◆ **How to complete this task**
Copy every record exactly as it stands. Leave the pictures out.

----

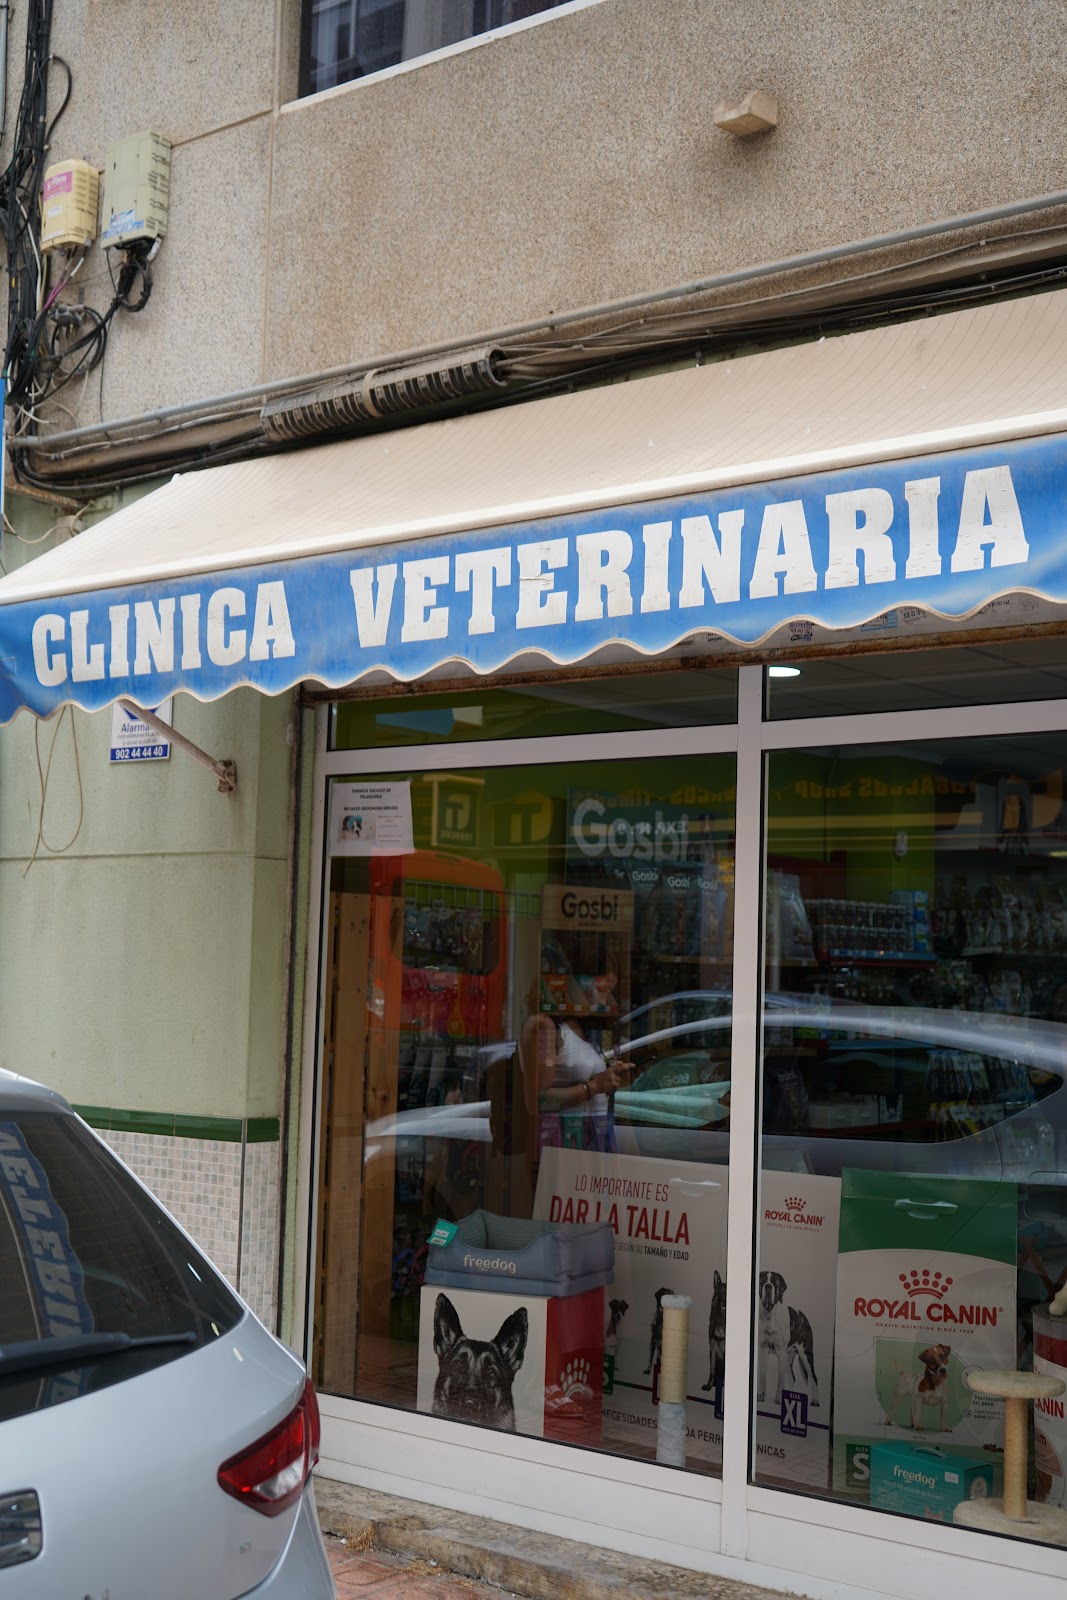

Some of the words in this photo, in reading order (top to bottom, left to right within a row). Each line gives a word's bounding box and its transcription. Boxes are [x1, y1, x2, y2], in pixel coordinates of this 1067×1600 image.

[32, 579, 296, 688] CLINICA
[349, 464, 1031, 648] VETERINARIA
[115, 748, 130, 760] 902
[131, 747, 141, 758] 44
[142, 746, 152, 757] 44
[153, 745, 163, 756] 40
[573, 798, 689, 863] Gosbi
[560, 892, 618, 921] Gosbi
[575, 1174, 588, 1192] LO
[589, 1175, 653, 1200] IMPORTANTE
[655, 1183, 670, 1202] ES
[549, 1195, 590, 1224] DAR
[626, 1205, 690, 1246] TALLA
[764, 1209, 792, 1222] ROYAL
[463, 1254, 517, 1276] freedog
[635, 1243, 643, 1253] SU
[643, 1244, 668, 1258] TAMAÑO
[668, 1249, 673, 1258] Y
[673, 1249, 690, 1261] EDAD
[854, 1297, 922, 1321] ROYAL
[782, 1398, 806, 1430] XL
[1034, 1397, 1065, 1419] ANIN
[602, 1408, 658, 1429] NECESIDADES
[757, 1443, 786, 1459] NICAS
[852, 1452, 870, 1481] S
[893, 1464, 936, 1489] freedog
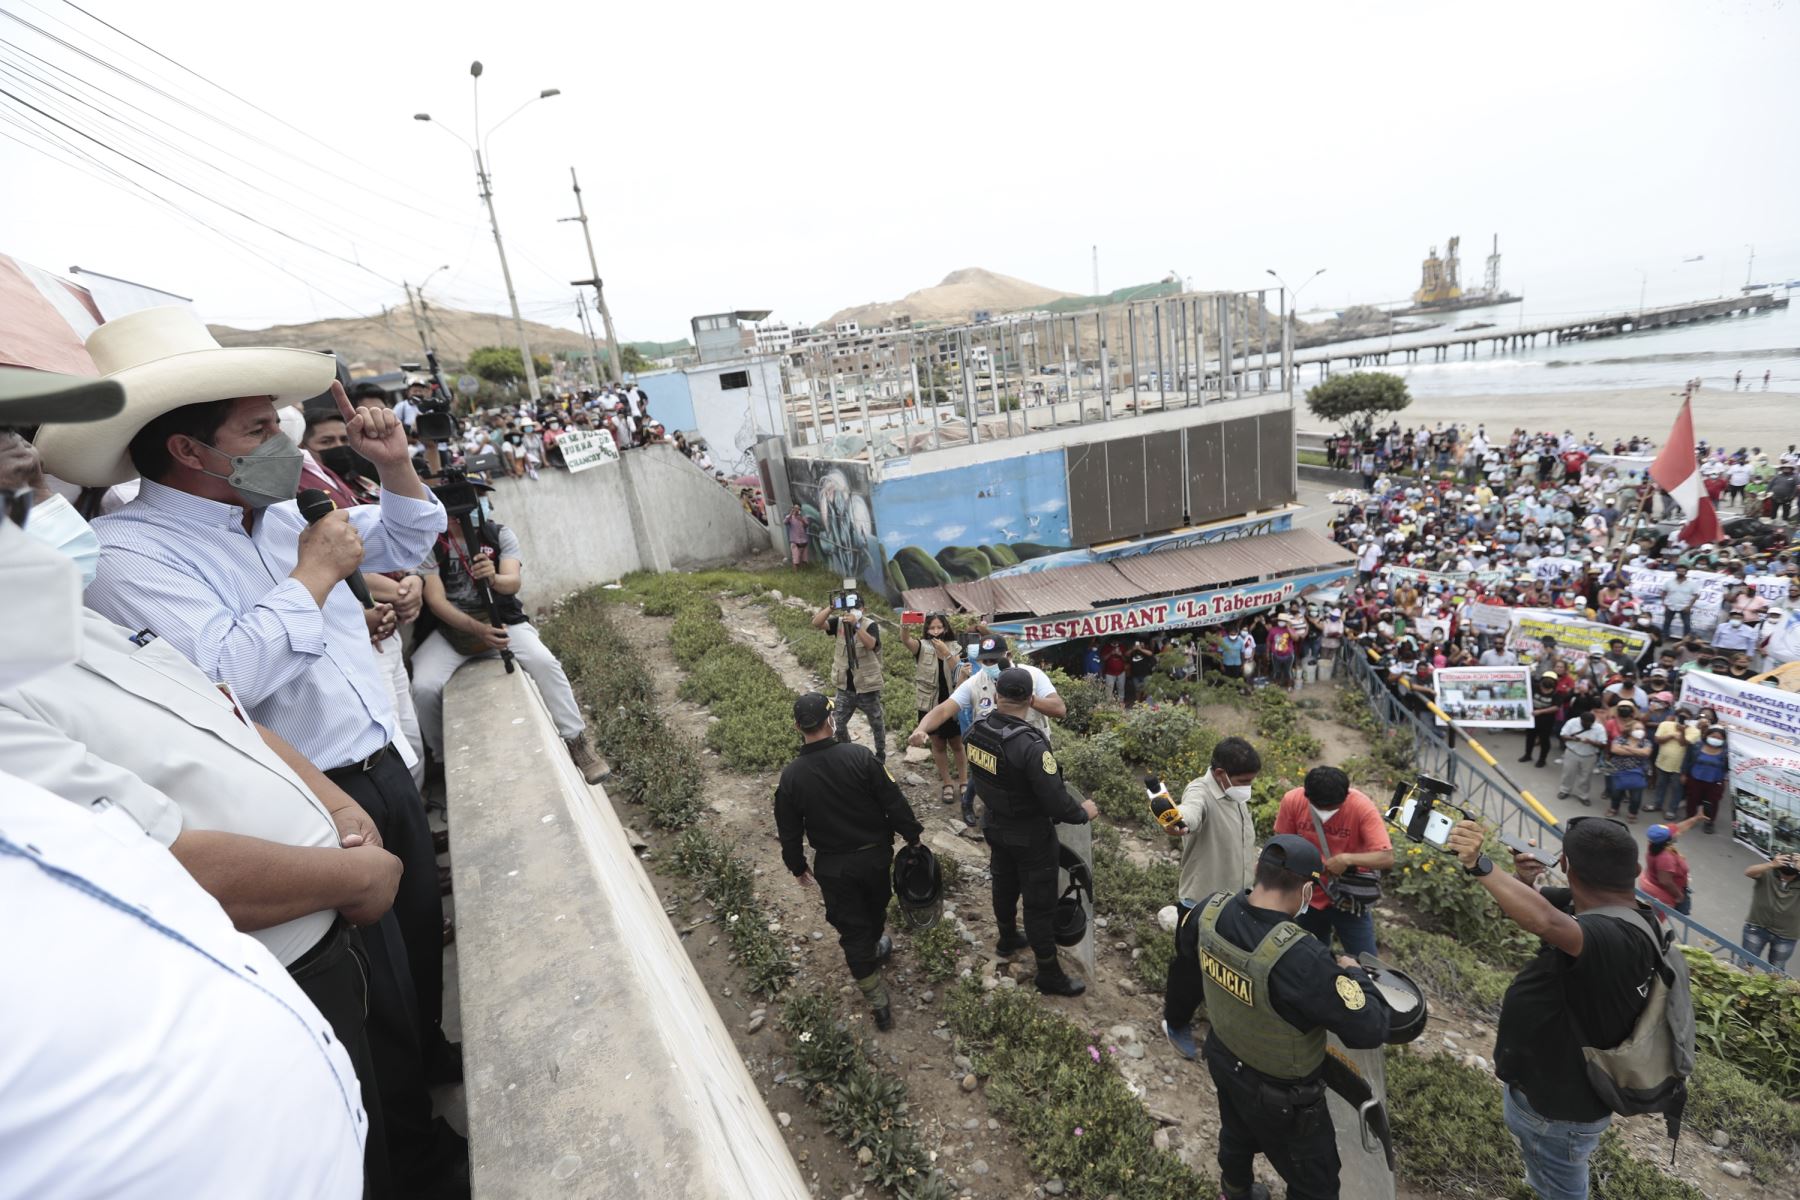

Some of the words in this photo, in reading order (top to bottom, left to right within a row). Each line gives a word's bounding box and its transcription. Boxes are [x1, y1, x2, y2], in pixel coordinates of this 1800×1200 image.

[1025, 605, 1168, 641] RESTAURANT
[1212, 585, 1294, 614] Taberna”
[967, 745, 995, 772] POLICIA
[1202, 955, 1251, 1003] POLICIA
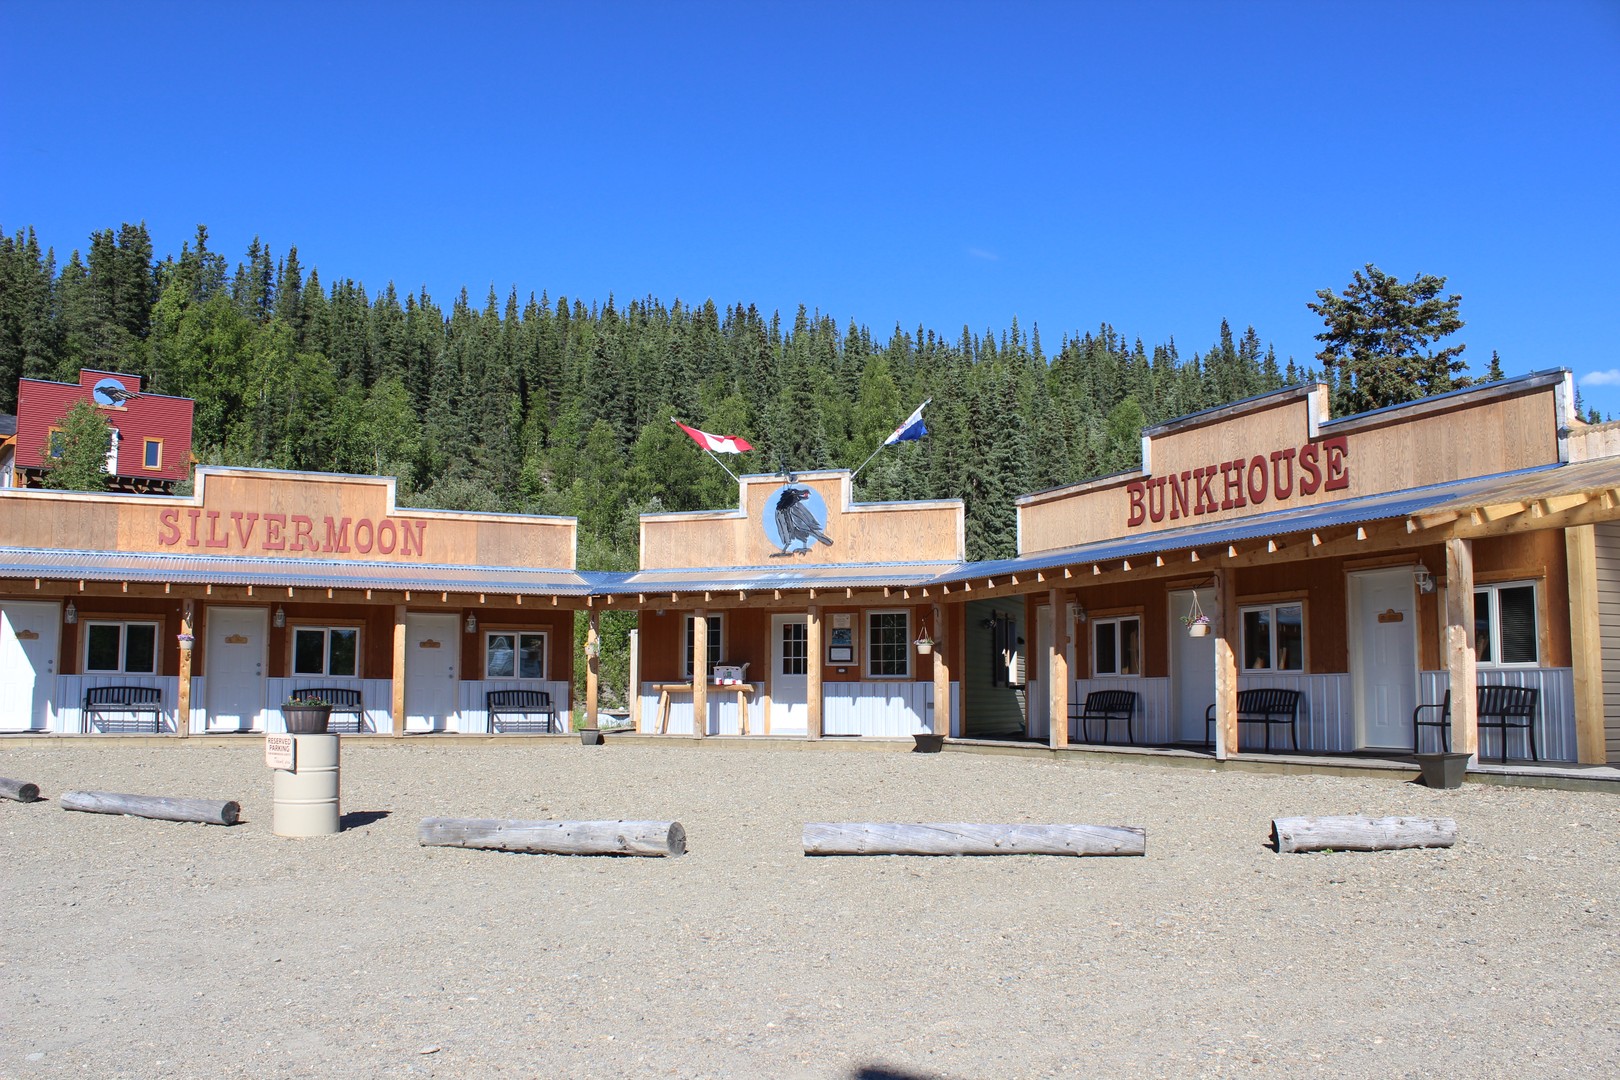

----

◆ **Task solution**
Some of the words in this photo, in reading order (top to bottom, left to right within a row). Each line gives a word's bounding box and its transcription. Boxes are [x1, y1, x2, y2], in pixel coordinates of this 1067×1600 image.

[32, 579, 296, 688] CLINICA
[349, 464, 1031, 648] VETERINARIA
[115, 748, 130, 760] 902
[131, 747, 141, 758] 44
[142, 746, 152, 757] 44
[153, 745, 163, 756] 40
[573, 798, 689, 863] Gosbi
[560, 892, 618, 921] Gosbi
[575, 1174, 588, 1192] LO
[589, 1175, 653, 1200] IMPORTANTE
[655, 1183, 670, 1202] ES
[549, 1195, 590, 1224] DAR
[626, 1205, 690, 1246] TALLA
[764, 1209, 792, 1222] ROYAL
[463, 1254, 517, 1276] freedog
[635, 1243, 643, 1253] SU
[643, 1244, 668, 1258] TAMAÑO
[668, 1249, 673, 1258] Y
[673, 1249, 690, 1261] EDAD
[854, 1297, 922, 1321] ROYAL
[782, 1398, 806, 1430] XL
[1034, 1397, 1065, 1419] ANIN
[602, 1408, 658, 1429] NECESIDADES
[757, 1443, 786, 1459] NICAS
[852, 1452, 870, 1481] S
[893, 1464, 936, 1489] freedog

Some of the words in this photo, in reading order (top to bottom, left to right within a row). Each line gives a word's bounding box and its transcription. Boxes are [x1, y1, x2, y2], in pixel coordinates of this 1800×1200 image.

[1025, 605, 1168, 641] RESTAURANT
[1212, 585, 1294, 614] Taberna”
[967, 745, 995, 772] POLICIA
[1202, 955, 1251, 1003] POLICIA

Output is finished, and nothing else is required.